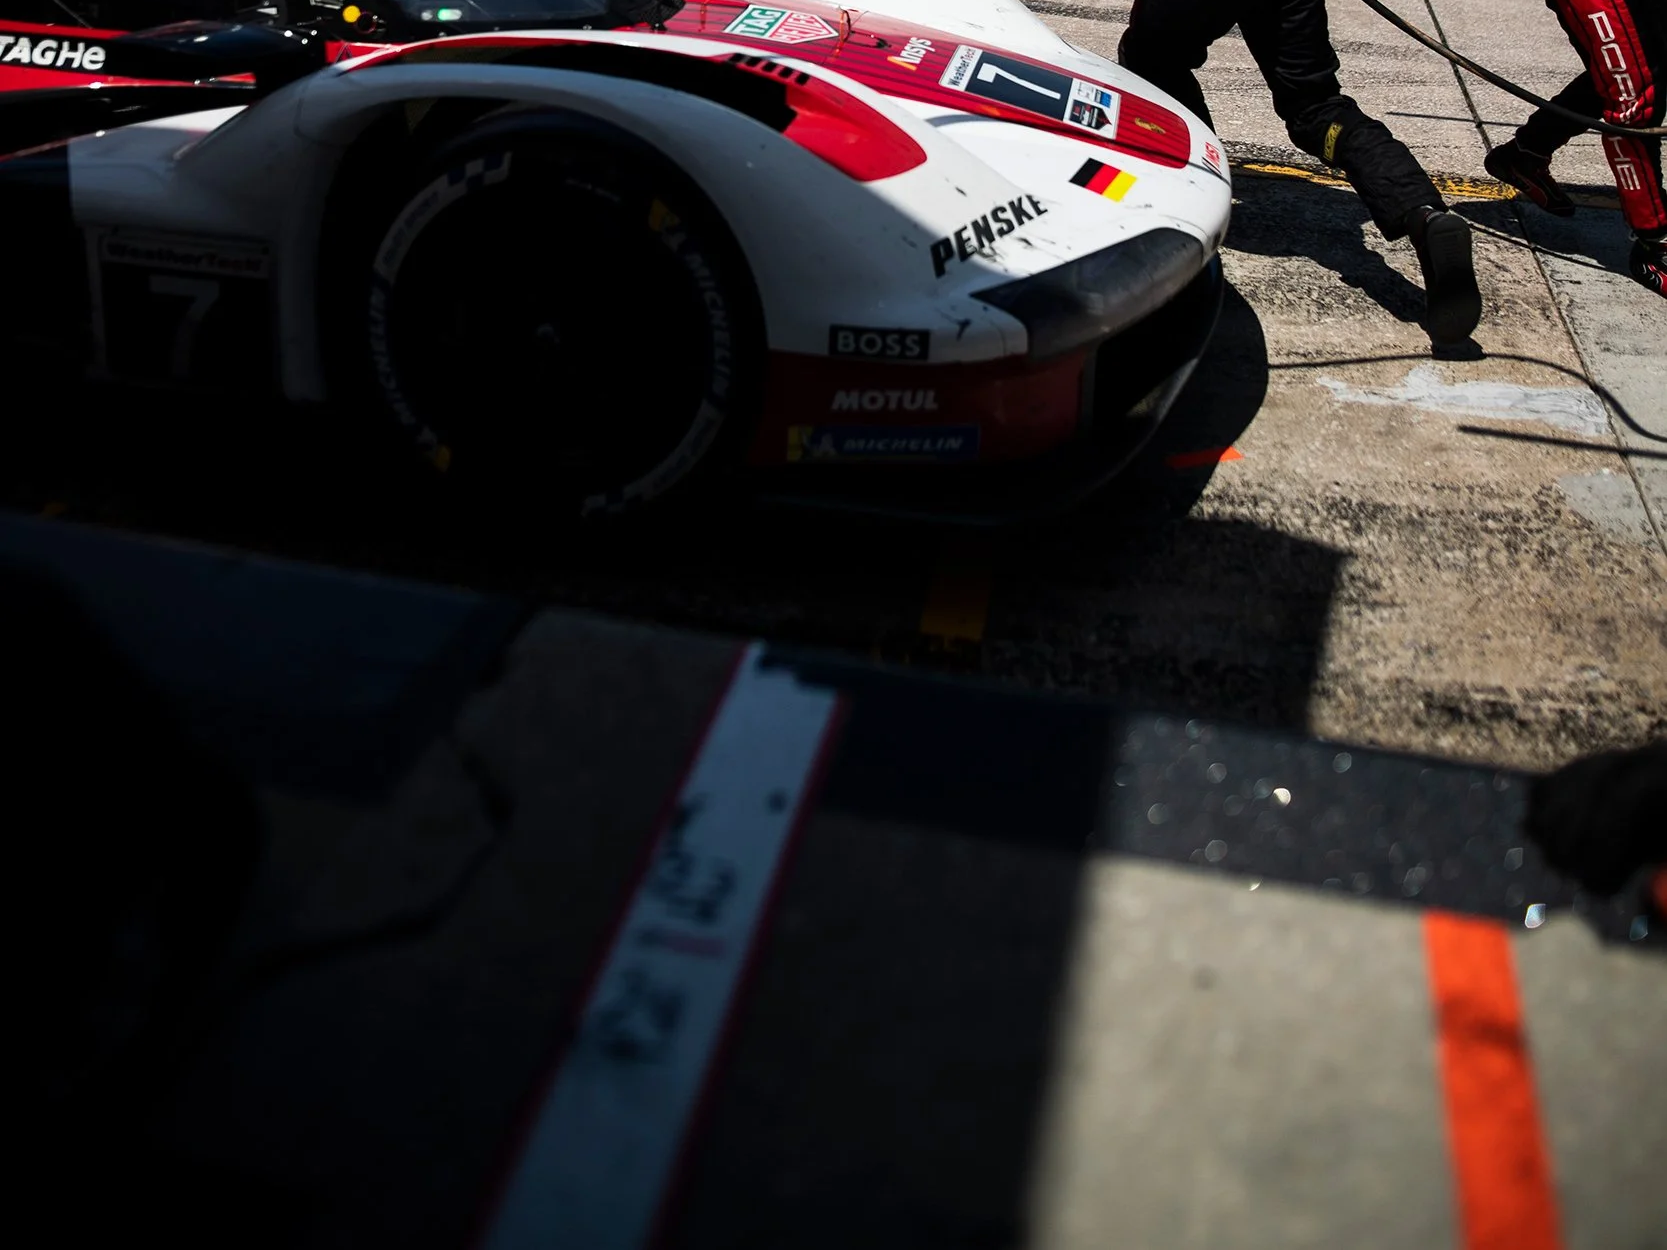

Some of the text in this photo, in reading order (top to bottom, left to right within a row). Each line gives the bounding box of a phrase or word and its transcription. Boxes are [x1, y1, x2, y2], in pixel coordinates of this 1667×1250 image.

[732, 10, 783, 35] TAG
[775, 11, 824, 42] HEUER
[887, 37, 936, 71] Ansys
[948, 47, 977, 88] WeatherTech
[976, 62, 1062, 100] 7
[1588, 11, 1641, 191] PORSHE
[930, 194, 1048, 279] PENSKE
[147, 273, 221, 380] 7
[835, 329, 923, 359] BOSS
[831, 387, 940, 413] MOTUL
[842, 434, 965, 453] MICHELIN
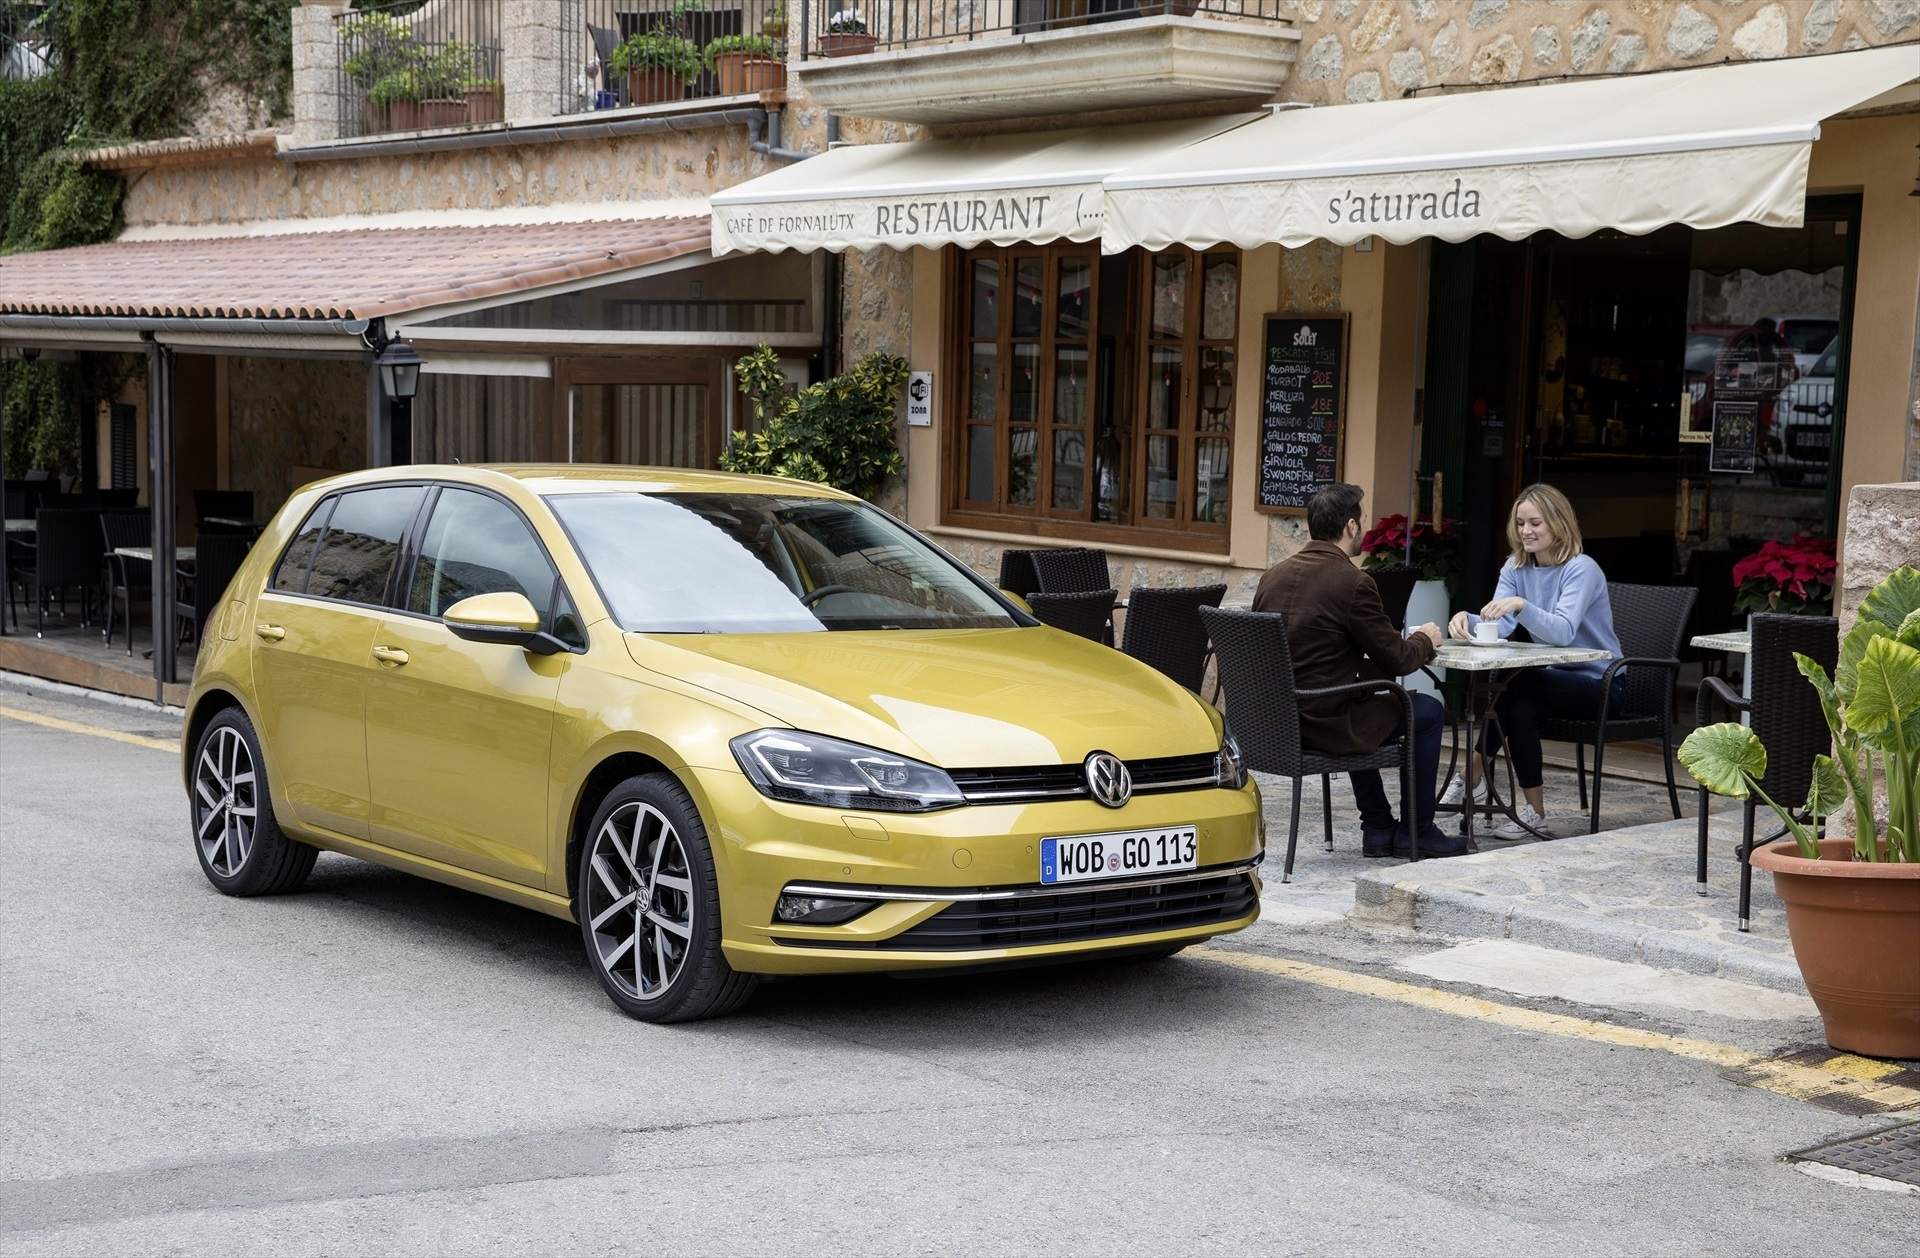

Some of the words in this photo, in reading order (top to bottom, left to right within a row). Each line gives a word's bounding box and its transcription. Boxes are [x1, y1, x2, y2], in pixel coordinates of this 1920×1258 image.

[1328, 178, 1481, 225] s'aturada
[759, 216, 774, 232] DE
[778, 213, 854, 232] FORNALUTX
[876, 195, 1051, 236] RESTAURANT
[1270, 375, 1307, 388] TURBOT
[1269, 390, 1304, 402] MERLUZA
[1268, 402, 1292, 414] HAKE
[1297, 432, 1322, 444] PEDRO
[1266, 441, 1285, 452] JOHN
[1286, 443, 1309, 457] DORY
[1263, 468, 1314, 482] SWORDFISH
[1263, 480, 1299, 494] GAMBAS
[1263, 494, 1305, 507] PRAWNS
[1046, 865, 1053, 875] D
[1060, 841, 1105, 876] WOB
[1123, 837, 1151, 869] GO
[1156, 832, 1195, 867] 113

********************

### Task requirements
If a record holds a picture, leave the picture out and transcribe everything else exactly.

### Result of the exercise
Some of the text in this photo, in reading order (top to bottom, left to right within a row). Each line gives the bounding box of a phrase or word and its transcription. Boxes are [x1, y1, x2, y2], in pixel coordinates of this 1667×1250 image.

[732, 10, 783, 35] TAG
[775, 11, 824, 42] HEUER
[887, 37, 936, 71] Ansys
[948, 47, 977, 88] WeatherTech
[976, 62, 1062, 100] 7
[1588, 11, 1641, 191] PORSHE
[930, 194, 1048, 279] PENSKE
[147, 273, 221, 380] 7
[835, 329, 923, 359] BOSS
[831, 387, 940, 413] MOTUL
[842, 434, 965, 453] MICHELIN

Some of the words in this photo, in reading order (top to bottom, left to right within a row). Each line gives a word's bounding box and its transcription. Boxes are [x1, y1, x2, y2], in pixel coordinates of this 1920×1258 image.

[1328, 178, 1481, 225] s'aturada
[759, 216, 774, 232] DE
[778, 213, 854, 232] FORNALUTX
[876, 195, 1051, 236] RESTAURANT
[1270, 375, 1307, 388] TURBOT
[1269, 390, 1304, 402] MERLUZA
[1268, 402, 1292, 414] HAKE
[1297, 432, 1322, 444] PEDRO
[1266, 441, 1285, 452] JOHN
[1286, 443, 1309, 457] DORY
[1263, 468, 1314, 482] SWORDFISH
[1263, 480, 1299, 494] GAMBAS
[1263, 494, 1305, 507] PRAWNS
[1046, 865, 1053, 875] D
[1060, 841, 1105, 876] WOB
[1123, 837, 1151, 869] GO
[1156, 832, 1195, 867] 113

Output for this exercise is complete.